Camarillo supports those positions and more. But she refers back to the economy with a dire prediction.
“I think we’re going to have the worst economic downturn we’ve seen since the 1930s,” she said, referring to The Great Depression.
Who Will Show Up
There are more than 21 million registered voters in California — which is 84.7 percent of the eligible voter pool and the highest share in the last 68 years, according to Secretary of State Alex Padilla.
The latest numbers show more than 9.8 million registered Democrats in the state, up from 8.2 million in 2016. Republicans have slightly more than 5.1 million registered voters, but only gained roughly 300,000 new voters in the last four years. Meanwhile, No Party Preference voters, which had pulled ahead of Republicans during the summer report, are now back in third place with slightly more than five million registered voters.
There is no single ethnic group with 50 percent or more of the state’s population. But Latino voters make up almost 40 percent, meaning they could have a major impact on this year’s election.
Or not. A September article by the Public Policy Institute of California said that among adult citizens it surveyed, less than 25 percent of the Latino population is likely to vote.

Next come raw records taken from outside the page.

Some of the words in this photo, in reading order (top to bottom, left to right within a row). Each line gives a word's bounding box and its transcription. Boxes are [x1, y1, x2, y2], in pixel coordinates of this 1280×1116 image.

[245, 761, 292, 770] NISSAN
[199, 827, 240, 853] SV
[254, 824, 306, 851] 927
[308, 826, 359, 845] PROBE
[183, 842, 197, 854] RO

Preciado said that can’t happen in 2020.
“We’re telling people to vote early if you can, because it is safer to vote from home or drop off your ballot,” he said. “Even if you have to go in-person, if you show up during early voting in LA county you’re likely to see less lines of people and you can keep that social distance much better than if you go on Election Day.

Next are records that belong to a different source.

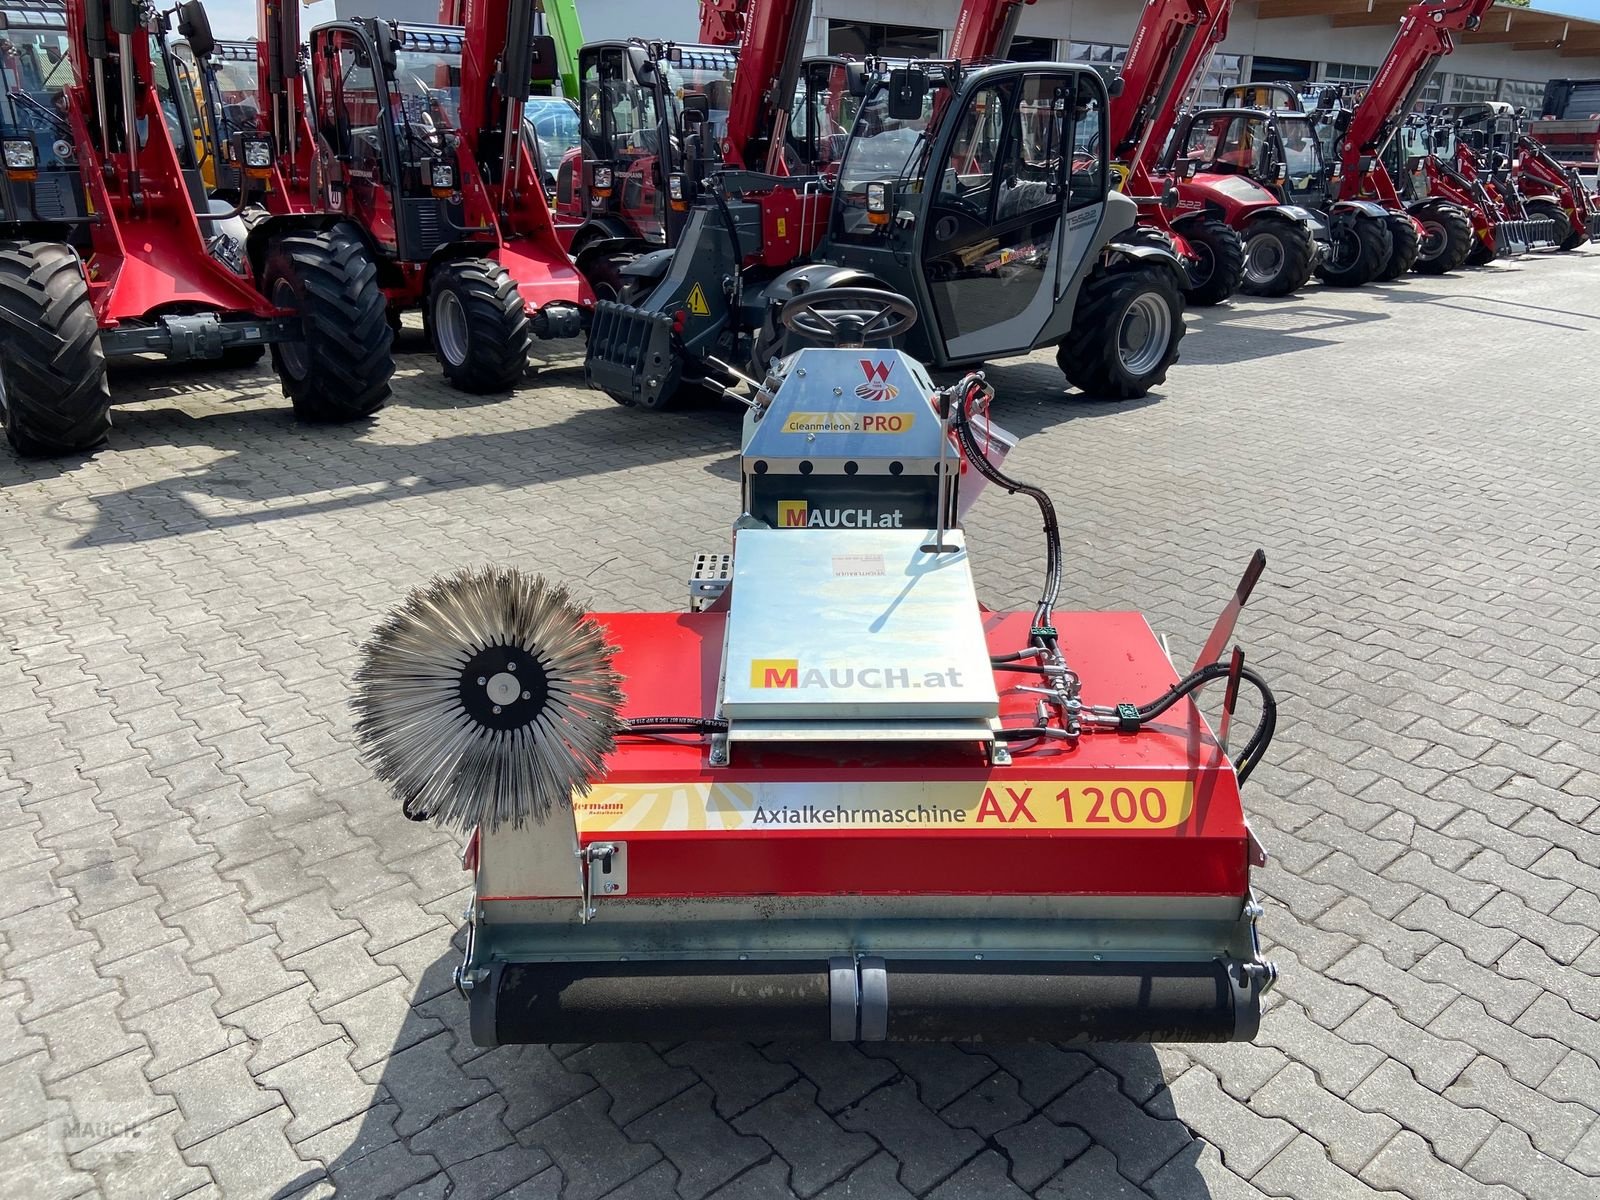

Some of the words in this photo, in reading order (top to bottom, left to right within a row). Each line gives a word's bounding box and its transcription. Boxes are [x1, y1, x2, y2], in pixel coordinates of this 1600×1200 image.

[951, 9, 968, 60] WEIDEMANN
[1126, 25, 1147, 70] WEIDEMANN
[1176, 199, 1202, 210] 522
[789, 422, 851, 431] Cleanmeleon
[854, 422, 860, 431] 2
[863, 415, 903, 431] PRO
[786, 508, 903, 528] MAUCH.at
[764, 667, 964, 689] MAUCH.at
[752, 804, 967, 824] Axialkehrmaschine
[975, 787, 1038, 823] AX
[1055, 787, 1167, 823] 1200

“But vote safely and securely. We know some people can’t send a ballot by mail or go vote early in-person. If you go Election Day, make sure you wear your mask and keep your [social] distance. We also know ballots can be rejected if the information is not correct — make sure the signature matches with the one at the registrar’s office and that you fill the envelopes out correctly. That goes a long way in making sure your vote is counted.”

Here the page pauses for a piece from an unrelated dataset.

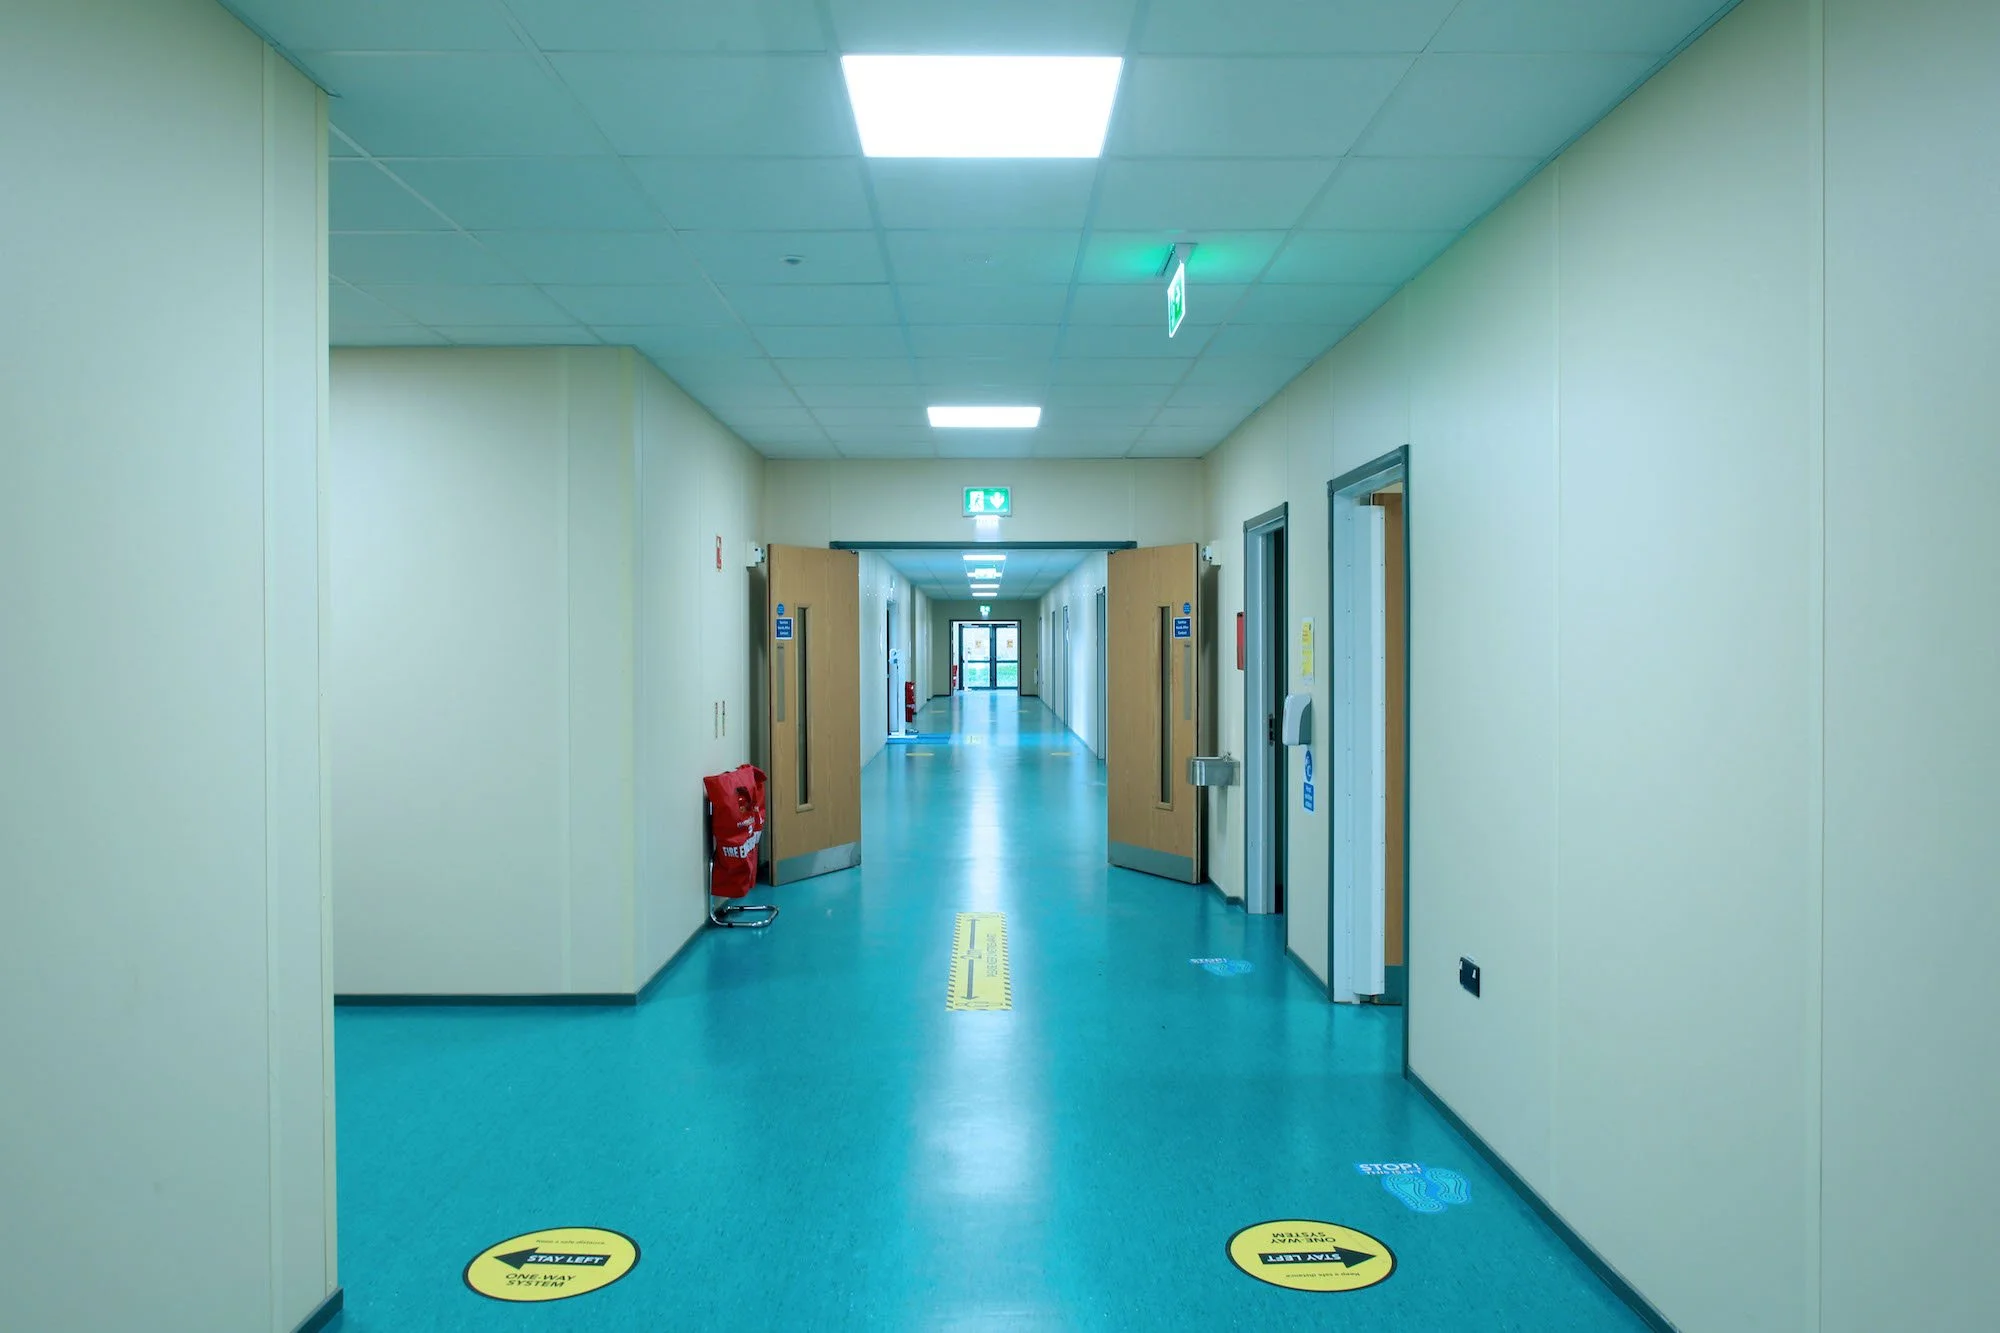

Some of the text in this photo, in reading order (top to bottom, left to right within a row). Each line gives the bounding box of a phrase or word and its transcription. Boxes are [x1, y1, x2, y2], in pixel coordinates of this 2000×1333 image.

Camarillo said she expects California, along with Texas and Arizona, to be states where Latinos will vote in large numbers.
“In spite of that, we’re still trying to make sure people know they still have time to register online to vote here,” she said. “With the pandemic it will be hard to figure out exactly what kind of turnout we’ll have. But I think it will still surpass the numbers of 2016, when many Latinos and others stayed home.”
Ocasio-Cortez offered a final, ruminative reflection.
“No one politician is the answer. No one president is the answer,” the congresswoman said. “You are the answer. Mass movements are the answer. Let this moment really put everything into stark focus. Because this election has always been about the fight of, and for, our lives.
“Whether we like it or not, November is about survival.”